Il nucleo del ragionamento di Alessandra e di tutti coloro che sono contrari alla revisione del vigente ordinamento regionale, si basa sulla convinzione che "l’attuale assetto garantisca i diritti di tutti, e un equilibrio fra i gruppi linguistici su cui poggia, almeno finché reggerà il benessere economico, la pace etnica". E’ evidente che se questa convinzione fosse fondata, sarebbe davvero una pretesa sconsiderata quella dell’Ulivo trentino di riformare la Regione solo per darsi una legge elettorale di tipo maggioritario. Ma a me pare che questa sia una rappresentazione della realtà deformata da un pregiudizio tanto radicato nell’inconscio collettivo dei residenti di lingua italiana del Sudtirolo, e dei loro fiancheggiatori trentini, quanto del tutto privo di riscontri nella realtà normativa e fattuale storicamente considerata. Ritenere che l’equilibrio fra i gruppi linguistici sia garantito dalla Regione è il risultato, a mio avviso, di una sorta di illusione ottica. Infatti il problema dell’equilibrio fra i gruppi linguistici è esclusivamente circoscritto nei confini della Provincia Autonoma di Bolzano, e la Regione non ha, rispetto ad esso, alcuna reale possibilità di esercitare una qualsiasi influenza.

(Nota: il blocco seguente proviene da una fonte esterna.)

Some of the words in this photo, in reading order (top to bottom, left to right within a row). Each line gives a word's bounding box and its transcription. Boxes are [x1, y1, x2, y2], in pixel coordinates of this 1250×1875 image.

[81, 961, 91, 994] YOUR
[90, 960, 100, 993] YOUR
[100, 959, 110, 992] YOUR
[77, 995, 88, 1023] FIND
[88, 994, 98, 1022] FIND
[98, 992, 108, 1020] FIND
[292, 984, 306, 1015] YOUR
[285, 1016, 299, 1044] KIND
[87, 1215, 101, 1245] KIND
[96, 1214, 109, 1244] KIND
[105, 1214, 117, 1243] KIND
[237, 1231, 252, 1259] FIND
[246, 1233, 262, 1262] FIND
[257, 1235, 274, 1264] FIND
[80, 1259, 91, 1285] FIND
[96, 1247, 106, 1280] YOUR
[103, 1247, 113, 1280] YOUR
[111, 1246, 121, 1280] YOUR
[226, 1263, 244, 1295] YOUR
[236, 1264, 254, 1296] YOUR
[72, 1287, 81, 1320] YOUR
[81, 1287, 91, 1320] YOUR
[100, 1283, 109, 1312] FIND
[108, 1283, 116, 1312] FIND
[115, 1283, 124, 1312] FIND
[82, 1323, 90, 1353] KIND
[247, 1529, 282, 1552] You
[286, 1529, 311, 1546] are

Sotto il vigore del primo Statuto la Regione, a maggioranza di lingua italiana e dotata di cospicui poteri, svolse un ruolo di tutela impropria dell’italianità dell’Alto Adige, con il bel risultato di scatenare il terrorismo sudtirolese. Nel secondo Statuto, se togliamo i mai applicati ed assolutamente innocui articoli 56 e 84, non vi è alcuna traccia di funzioni proprie della Regione in qualche modo connesse con il problema dell’equilibrio fra i gruppi linguistici. Sarei riconoscente a chi riuscisse a spiegarmi in quale modo la tenuta del Libro fondiario o la vigilanza sulle cooperative, residue prerogative della Regione, incidono sugli equilibri fra i gruppi linguistici e sulla pace etnica. La verità è che l’attuale ordinamento della Regione costituisce soltanto un ingombrante e costoso limite al dispiegarsi dell’autonomia delle due comunità provinciali, e per questo motivo i sentimenti di fastidio che provoca soverchiano e fanno impallidire la percezione di solidali affinità economiche e culturali che d’altra parte, come è giusto, è presente nella popolazione di tutta la regione.

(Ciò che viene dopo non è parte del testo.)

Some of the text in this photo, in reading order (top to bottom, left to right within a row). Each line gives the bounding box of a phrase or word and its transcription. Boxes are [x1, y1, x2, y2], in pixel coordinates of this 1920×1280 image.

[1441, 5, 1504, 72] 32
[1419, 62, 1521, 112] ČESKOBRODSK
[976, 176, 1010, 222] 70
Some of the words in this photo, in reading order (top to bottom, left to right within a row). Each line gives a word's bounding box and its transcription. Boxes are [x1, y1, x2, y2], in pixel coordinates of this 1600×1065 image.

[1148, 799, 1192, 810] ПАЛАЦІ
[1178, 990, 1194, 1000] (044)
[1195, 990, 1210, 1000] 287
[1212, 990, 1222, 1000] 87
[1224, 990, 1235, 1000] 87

A questo stato delle cose sembra assai più appropriato un ordinamento della Regione di modello confederale, piuttosto che l’attuale. Non mi pare che si possa dire, come scrive Alessandra, che il modello confederale sia fallito dappertutto: ha preparato storicamente la nascita di prosperose e solide federazioni, è quello stesso che oggi sta facendo maturare le condizioni per la nascita della federazione degli Stati d’Europa. Il punto è che un ordinamento, per essere fecondo, non deve forzare la realtà, ma rispecchiarla e accompagnarla nella sua evoluzione. Un modello confederale è anche il più dotato per svilupparsi in dimensioni territoriali più vaste, in parallelo con il processo di unificazione europea.
Quanto ai lineamenti del nuovo assetto, pare anche a me che le idee che circolano siano piuttosto confuse. Bisognerà rimediarvi in corso d’opera.

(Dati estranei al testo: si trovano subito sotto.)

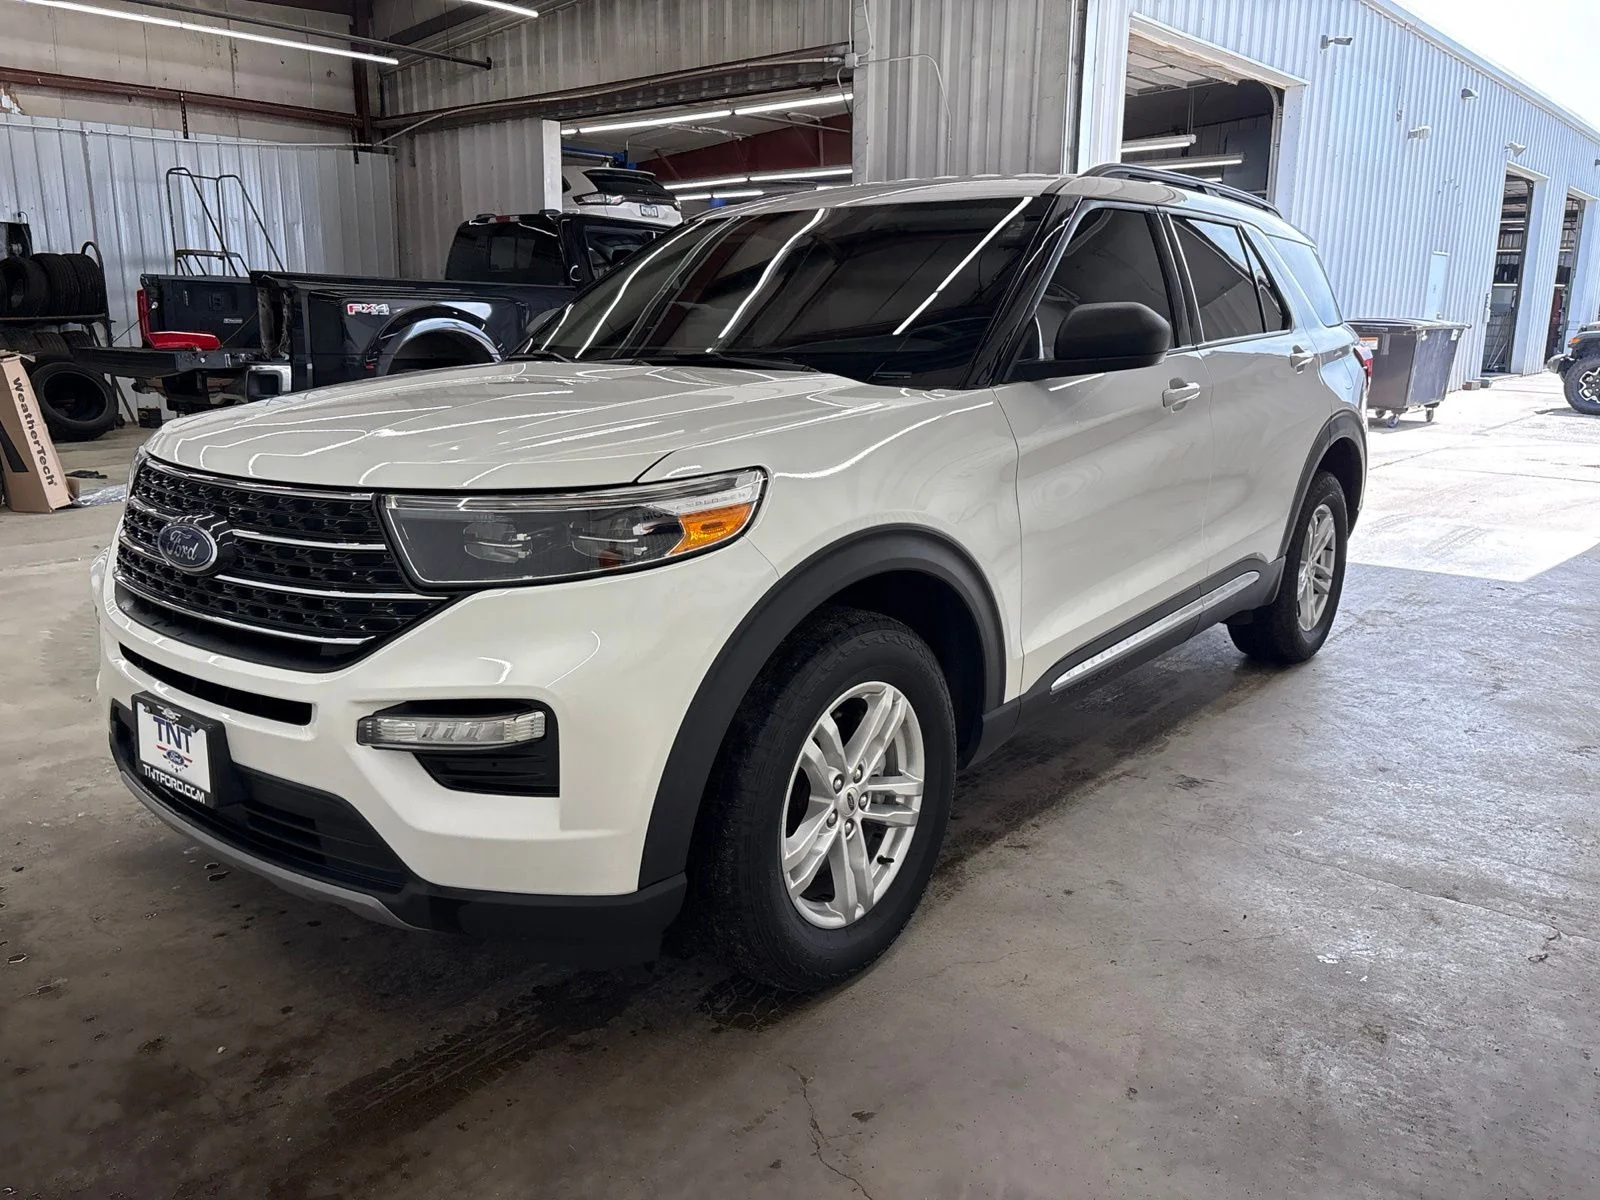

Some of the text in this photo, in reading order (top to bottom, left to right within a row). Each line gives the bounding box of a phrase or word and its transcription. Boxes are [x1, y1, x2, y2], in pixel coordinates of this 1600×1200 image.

[347, 303, 389, 315] FX4
[13, 376, 56, 486] WeatherTech
[166, 530, 198, 560] Ford
[153, 716, 192, 753] TNT
[142, 764, 205, 804] TNTFORD.COM

Ma Alessandra Zendron solleva un altro problema, assai serio: che accadrà della democrazia sudtirolese? A me pare che questa sia minacciata non tanto dalla ventilata revisione dell’attuale ordinamento della Regione, quanto piuttosto dal permanere, ed eventuale aggravarsi, delle condizioni politiche che caratterizzano l’Alto Adige. Rivedendo lo Statuto, anzi, sarà possibile affinare ed integrare i meccanismi di varia natura già ora esistenti e finalizzati alla salvaguardia dei diritti naturali dei gruppi linguistici e dei singoli cittadini che li compongono. Ma il fatto che la SVP raccolga il 56% dei voti non può essere modificato per legge. Un gruppo linguistico, che già per sua indole e cultura è incline a non differenziarsi, se inserito dalla storia in uno Stato di diversa nazionalità, esalta il suo istinto gregario e si compatta attorno alla propria identità etnica. Lo stesso è accaduto perfino al gruppo italiano, per indole e cultura propenso invece a frammentarsi, nel momento in cui, con lo Statuto del 1972, si è trovato in una provincia con vasti poteri a maggioranza sudtirolese; è questa la spiegazione della fortuna elettorale del MSI, ora di AN.
Da questi due speculari fenomeni, pur di diverse dimensioni, deriva che la società che vive nel territorio della Provincia Autonoma di Bolzano è una società bloccata, chiusa.
Il secondo Statuto ha fatto uscire il Sudtirolo da uno stato di guerra calda per farlo entrare in uno stato di guerra fredda; non ha ancora creato una società aperta, secondo la nozione popperiana. E’ stato un grande progresso, ma il messaggio di Alex Langer, oggi raccolto soprattutto dai Verdi di Alessandra Zendron, è ancora una profezia. Non più un’utopia, però, se proseguirà il cammino verso l’unità europea e se ne terremo conto nel riorganizzare la nuova Regione.